Internally, the building's layout was modified in 1980, with rooms enlarged, a circulation space created and the courtyard enclosed.

History 
The building was built as a militia barracks between 1857 and 1858 to the architectural designs of Thomas Penson. The Royal Denbighshire Militia relocated their armoury from Chester Castle, including their guns and ammunition, to the upstairs room of the building, now known as Court Room 1. The building also provided as the home for the militia's officers, whereas the soldiers resided in houses around the then town and trained for one month annually. The militia vacated the building in 1877, moving to the Hightown Barracks.

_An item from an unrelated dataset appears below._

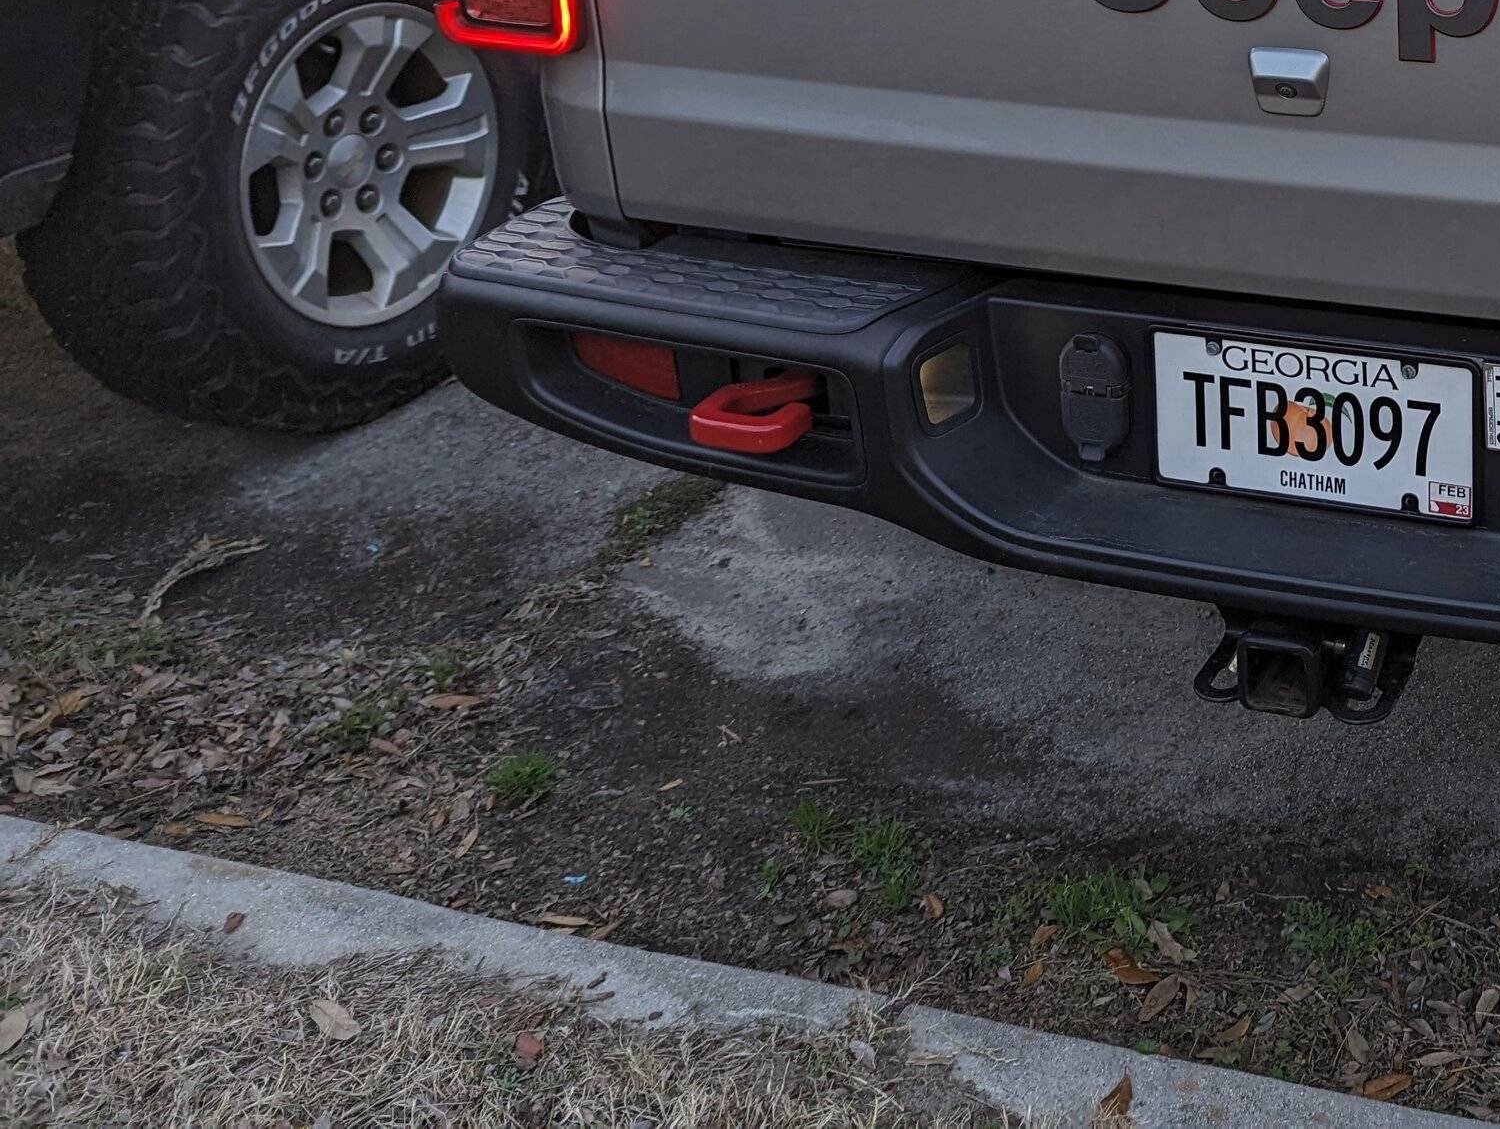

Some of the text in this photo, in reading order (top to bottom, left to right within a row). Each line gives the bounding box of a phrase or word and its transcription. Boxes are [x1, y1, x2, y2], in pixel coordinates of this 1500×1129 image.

In around 1879, the building was converted to a divisional police station of the Denbighshire Constabulary and a magistrates' court. The building was remodelled internally and externally to have two court rooms and a number of cells on the ground-floor for individuals on remand or accommodated overnight when showing signs of alcohol intoxication. In the 1901 census, three prisoners were held in the building on census day. The exercise yard for prisoners is present today and surrounded by high walls to prevent escape.

In the 1890s the building was extended and the extension later used as council offices.

In 1976–77, North Wales Police, which the Denbighshire Constabulary was absorbed into, relocated to Bodhyfryd police station,  to the north-east, leaving the County Buildings vacant. Between 1977 and 1996, parts of the building were part of a local art college.

In 1996, following the formation of Wrexham County Borough from Clwyd, the building opened as the Wrexham County Borough Museum and Archives. The building was refurbished in 2010–11, adding a front extension and now contains the Courtyard Cafe.

It is proposed that the building host the Football Museum for Wales on the vacant upper parts of the building, and is projected to open in 2024. Wrexham was chosen as the location for a national football museum, due to Wrexham's football heritage which includes the founding of the FAW in Wrexham in 1876, and having the oldest Welsh club, as well as oldest football ground in Wales.